Description
TF (Term Frequency) is used in conjuction with function TF-IDF (Term Frequency - Inverse Document Frequency). TF-IDF is a technique for weighting words in a document. The resulting weights can be used together in a vector space model as input for various document clustering or classification algorithms.

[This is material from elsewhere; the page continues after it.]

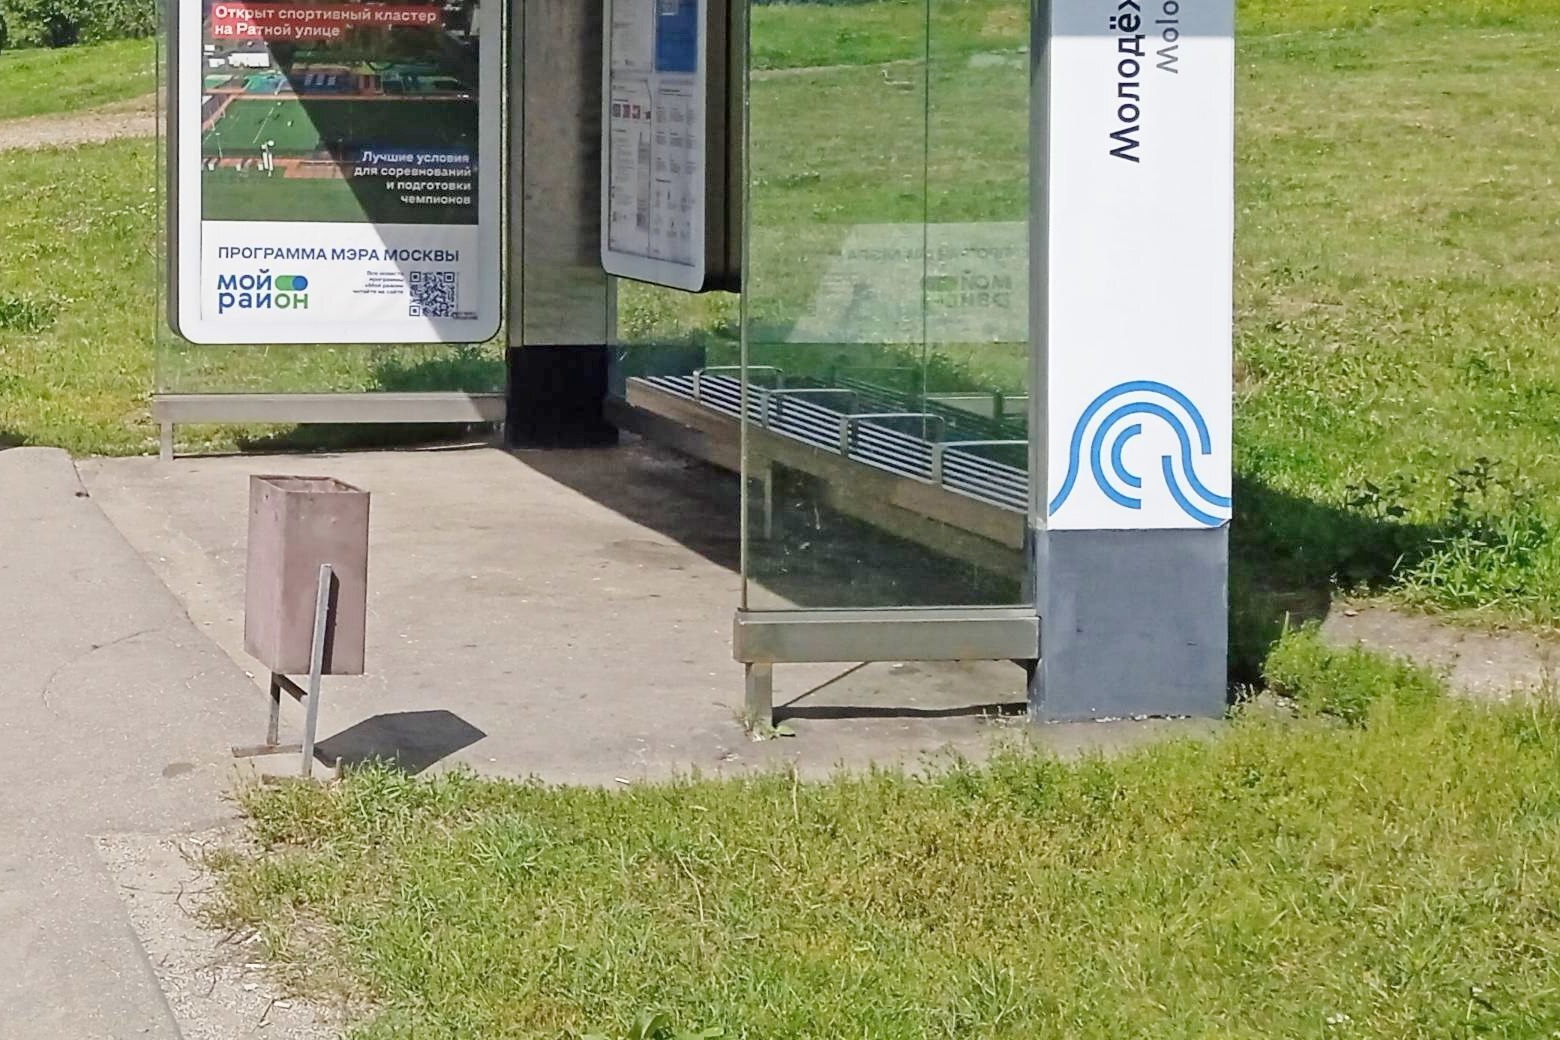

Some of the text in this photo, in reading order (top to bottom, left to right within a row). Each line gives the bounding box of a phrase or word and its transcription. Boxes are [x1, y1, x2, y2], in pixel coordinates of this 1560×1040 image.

To compute TF-IDF values, the TF_IDF function relies on the TF function, which computes the TF value of the input.
Usage
td_tf_mle (
data = NULL,
formula = "normal",
data.sequence.column = NULL,
data.partition.column = NULL,
data.order.column = NULL
)
Arguments
data |
Required Argument. |
data.partition.column |
Required Argument. |
data.order.column |
Optional Argument. |
formula |
Optional Argument.
|
data.sequence.column |
Optional Argument. |
Value
Function returns an object of class "td_tf_mle" which is a named list
containing object of class "tbl_teradata".
Named list member can be referenced directly with the "$" operator
using the name: result.
Examples
# Get the current context/connection
con <- td_get_context()$connection
# Load example data.
loadExampleData("tf_example", "tfidf_input1")
# Create object(s) of class "tbl_teradata".
tfidf_input1 <- tbl(con, "tfidf_input1")
# Example 1 - Calculate TF values using input tbl_teradata containing tokens and their count in
# all documents.
tf_out <- td_tf_mle(tfidf_input1, data.partition.column="docid")